Lo prendiamo alla lettera e andiamo in Via della Consolazione 4, sotto la rupe Tarpea, nel fortilizio che si è ribellato al sindaco e ha vinto perché non ha subito serie conseguenze mostrando il suo potere d'interdizione. Hanno messo al comando un poliziotto; dopo l’arresto dell’ex capo Angelo Giuliani, c’è Raffaele Clemente, che viene dalla sala operativa della Questura. Ma la normalizzazione non ha funzionato. Come non funziona la scorciatoia giudiziaria.
[**Video_box_2**]Il sindaco Ignazio Marino ha tentato di riempire il vuoto di potere ricorrendo alla magistratura. Ha nominato Alfonso Sabella (all’Antimafia di Palermo con Gian Carlo Caselli) assessore alla legalità e commissario straordinario nel verminaio di Ostia. Ma Giuseppe Pignatone il procuratore capo “scopritore di nuove mafie”, passato da Palermo a Reggio Calabria e poi a Roma su impulso di Giorgio Napolitano, ha preso tutti in contropiede.
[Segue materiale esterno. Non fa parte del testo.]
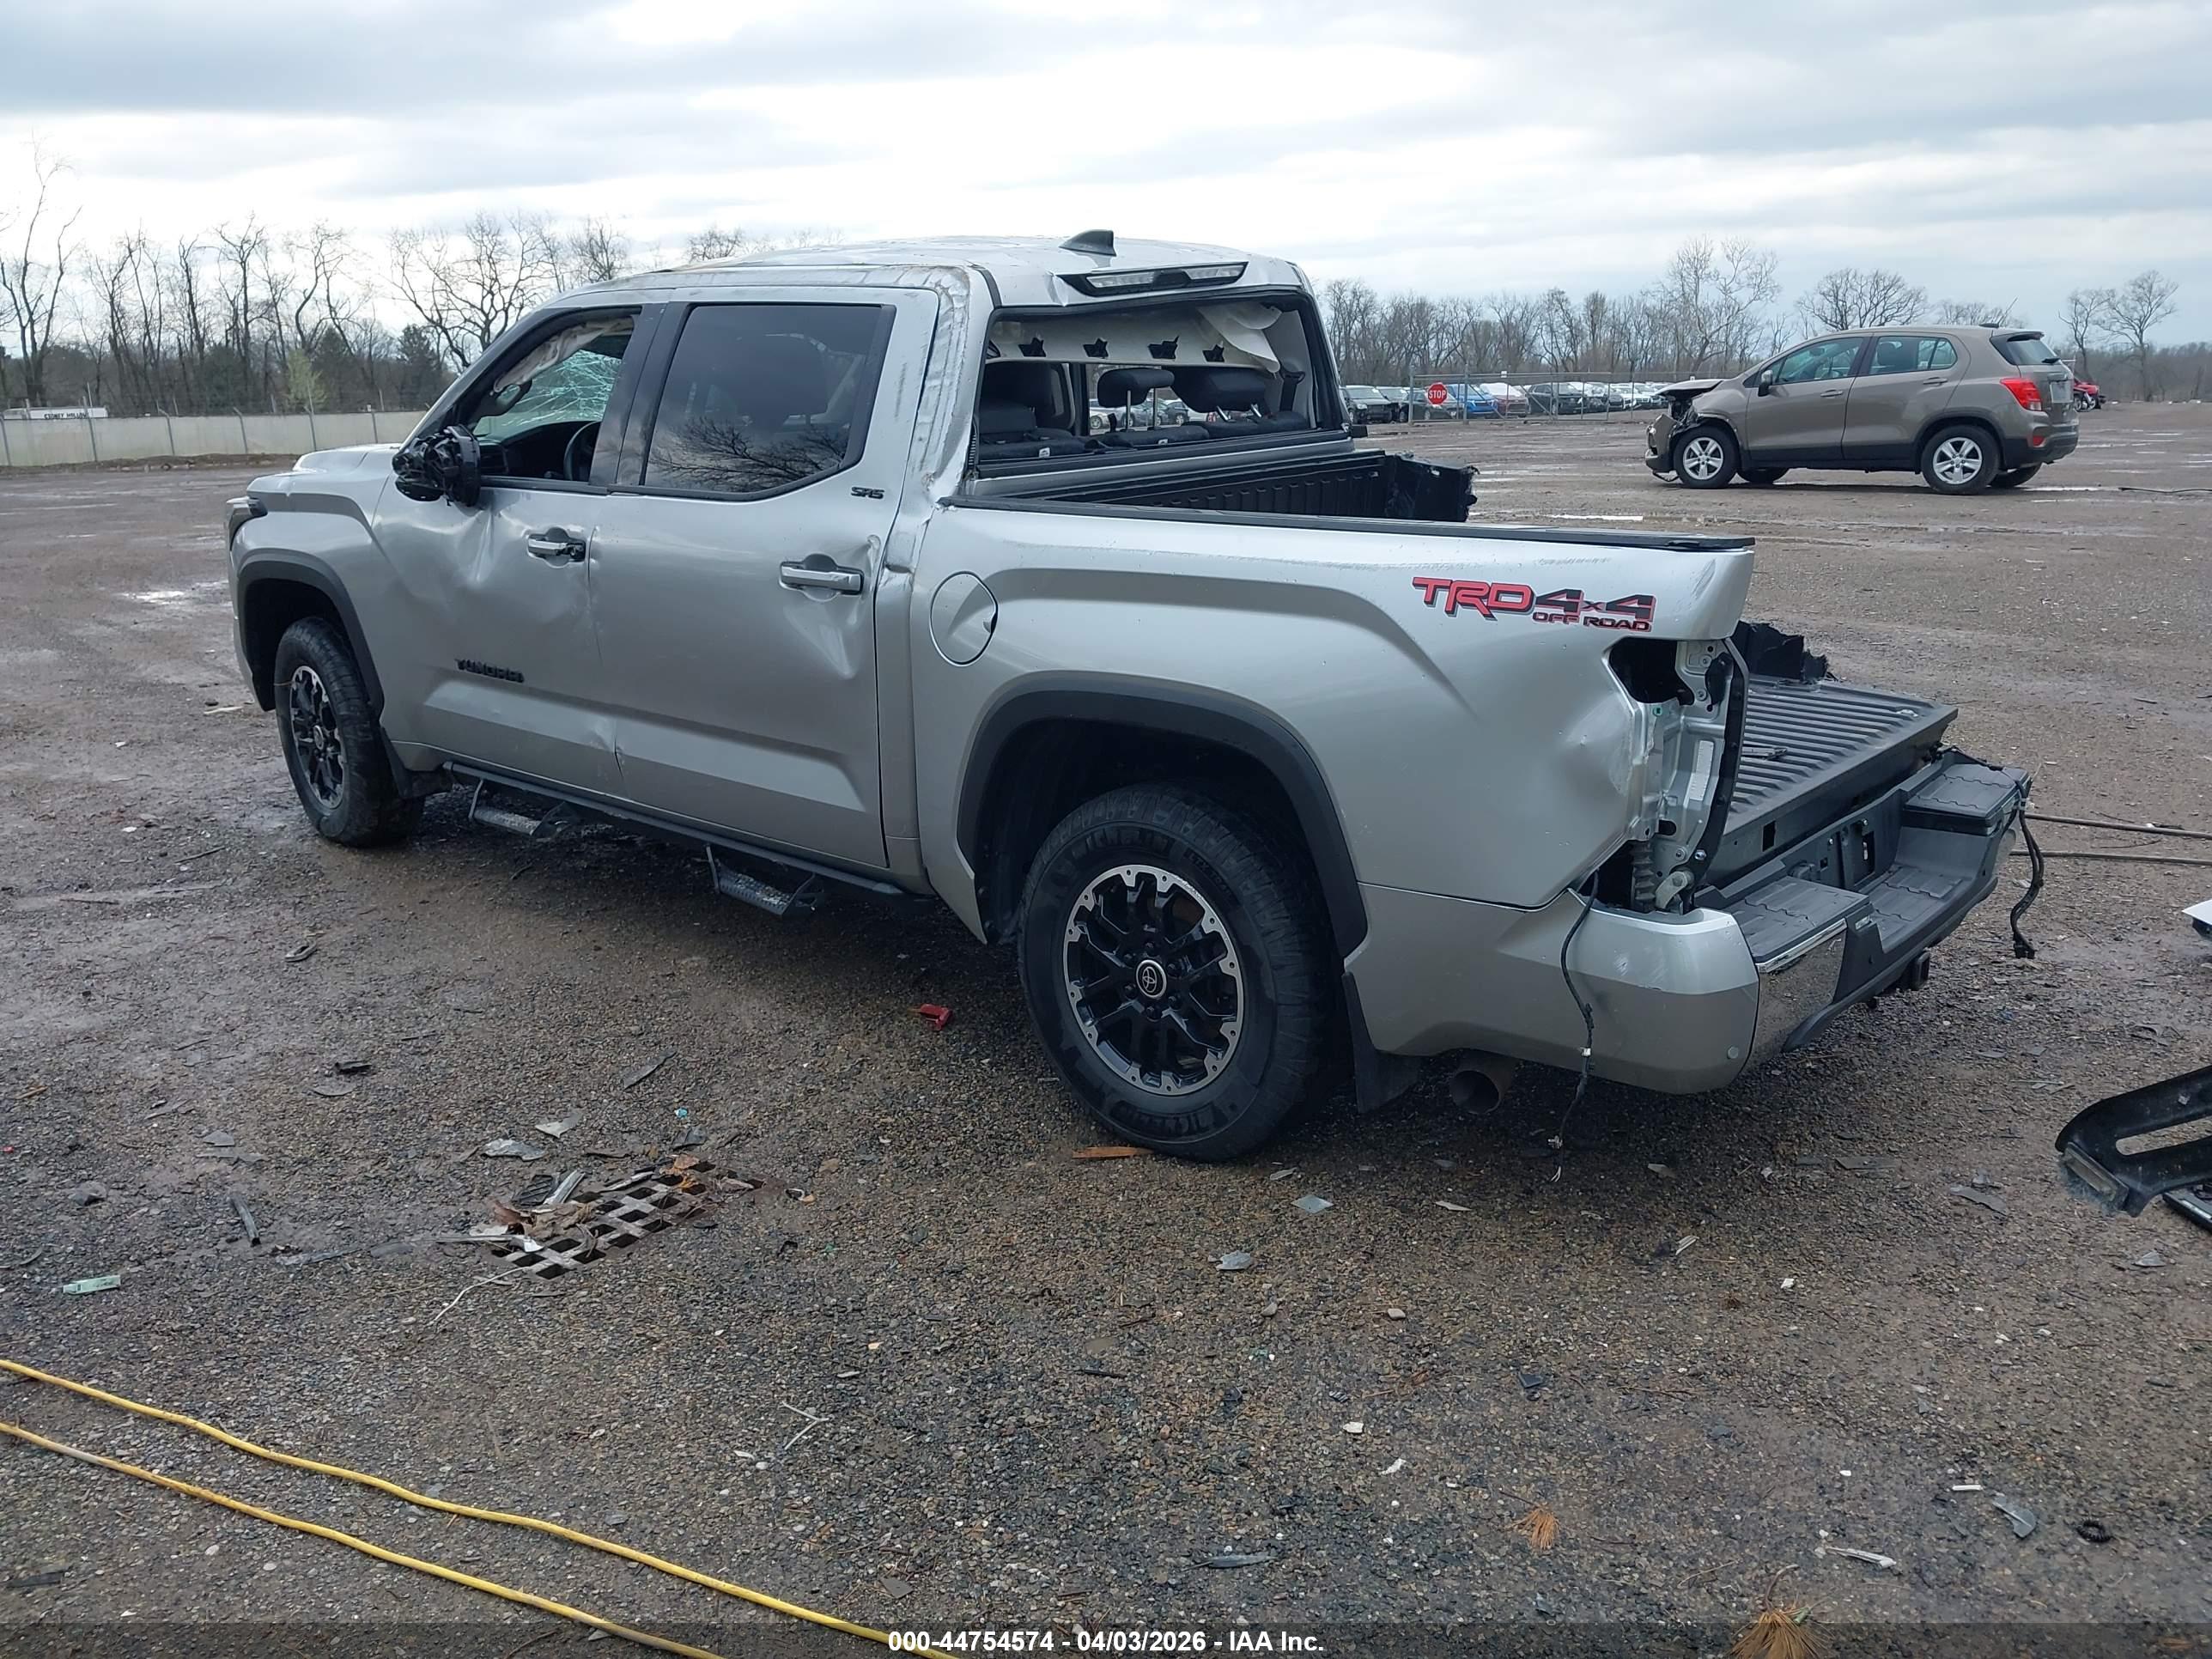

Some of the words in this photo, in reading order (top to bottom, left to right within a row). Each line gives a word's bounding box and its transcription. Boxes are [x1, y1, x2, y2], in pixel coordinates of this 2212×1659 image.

E’ lui oggi l’uomo forte nella slabbrata mappa del potere capitolino.
L’inchiesta giudiziaria rischia di travolgere il sindaco non perché colluso, ma perché debole. Francesco Rutelli e Walter Veltroni hanno sfidato Silvio Berlusconi; hanno perso, però avevano la stoffa per entrare a palazzo Chigi. Nessuno lo direbbe dell’ex chirurgo, primo cittadino situazionista. Il ventilatore della procura sta gettando schizzi anche su Nicola Zingaretti, uomo della “ditta”, esponente della filiera che dal Pci porta al Pd, il politico più strutturato della non ricca scuderia capitolina. Mentre Roma si trova con un capo del governo che non la conosce, non la ama e la tiene a distanza. Lo stesso era accaduto con Berlusconi che però l'aveva lasciata al proprio plenipotenziario Gianni Letta. Renzi non ha un vicere: Matteo Orfini, giovane emergente, commissario straordinario (forse liquidatore) del Pd romano, nonostante la play station non fa parte del giglio magico.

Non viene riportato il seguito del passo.